AD: Sometimes people hear the term ‘flipped classroom’ and think that it's a whole new concept of learning and I don't think it's that at all, it's just that technology enables us to do what we probably always wanted to do, but to do it more effectively and more powerfully. ... And yes it certainly can be done without technology, I would argue ... but now, recording a podcast or making a screencast is so easy that really any teacher can do it. ... It's easier to record a screencast than it is to record a show from your television on a VCR. So, I don't think the technology being difficult argument really holds much water anymore, it's more perhaps just that teachers haven't come across the tools that let them do those thing so easily.
JE: So, what kind of tools for those starting out, listening to this and wanting to give it a go, where would you recommend they start?
AD: Screencasting is a really great way of getting into Flipped Learning because, you know, I mean it's very difficult to explain some things in an audio podcast - I still think audio podcasting is the best method of flipping a classroom for things that lend themselves to an audio-only format - you know history, maybe biology, psychology, lend themselves there, but it's very hard to explain maths in an audio podcast. So, I think screencasting can be used in pretty much any subject - whether it is art or science or geography, it doesn't really matter. So I would start there probably, and there's a really great free tool called Screencast-O-Matic, which is at screencast-o-matic.com, and it's a free download and I mean really as I said it's as easy as recording a show on your television with a VCR. You click record, you teach your lesson, you click stop. They even provide hosting for the video so that you can just send a link to your students. It's really simple and quite effective.

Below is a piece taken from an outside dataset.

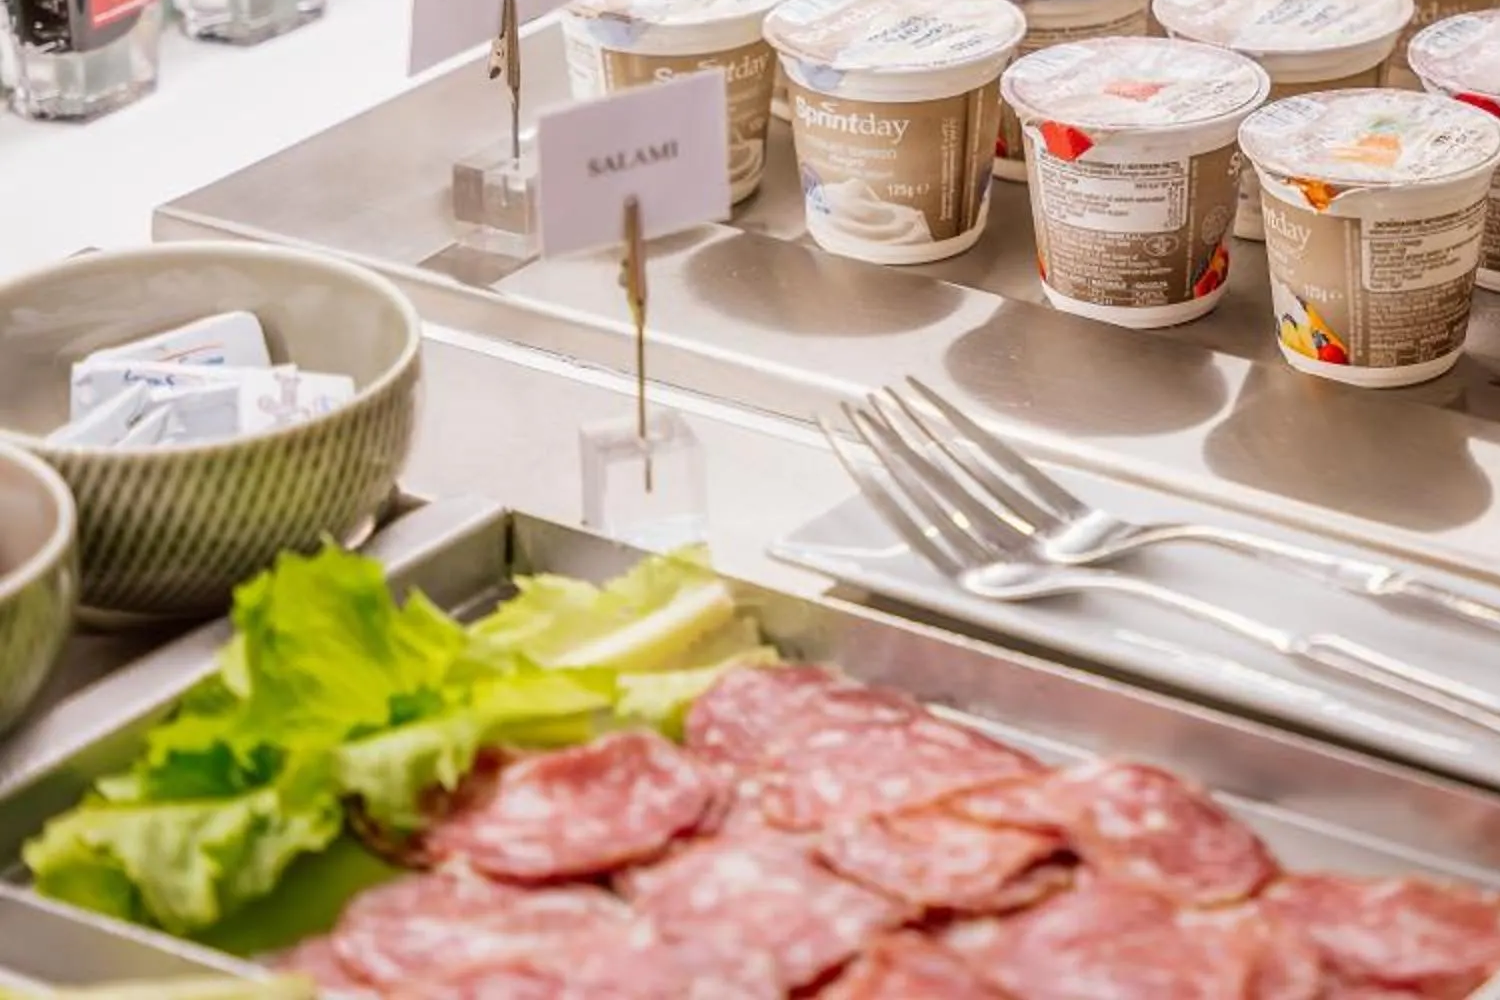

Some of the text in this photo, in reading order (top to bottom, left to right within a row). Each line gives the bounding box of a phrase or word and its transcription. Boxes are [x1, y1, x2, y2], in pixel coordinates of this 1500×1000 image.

JE: Have you used this with different age groups, are there some age groups where it just doesn't suit?
AD: ...I think that a Flipped Classroom model, I mean, a real Flipped Classroom model where you are really taking all of the didactic instruction out of the classroom and doing that through video and podcast, I think that format probably lends itself better at the senior end of the school. ... But elements of the flipped classroom, where you're just identifying things in your teaching and learning practices in the classroom ... perhaps maths is a great example even in primary school, where a lot of students just require a particular maths example to be explained over and over and over, using different examples. That, I think, really lends itself to being recorded as a screencast or a video in some way so students can watch it over and over and over if they need to even in the classroom while the teacher is maybe working with another student. They're not just sitting there with their hand up waiting for the teacher but they can watch a video and see the teacher explaining the exact thing that they're wanting to see explained and that way it sort of spreads the teacher across the classroom. You imagine if you're a primary school teacher teaching a maths topic and all the examples and all the different types of problems that you're wanting to explain to students, you've recorded videos explaining those so students can be watching those even while they're waiting for you to come and help them. That, to me, is, it's probably not what a traditional Flipped Classroom advocate would called flipped learning but I think it's taking the advantages of a Flipped Classroom - automating the things that we can automate so that we've got more time to do the things that you can't automate - to me that's the essence of the flipped classroom.
JE: Excellent, thanks for sharing your work with Teacher magazine.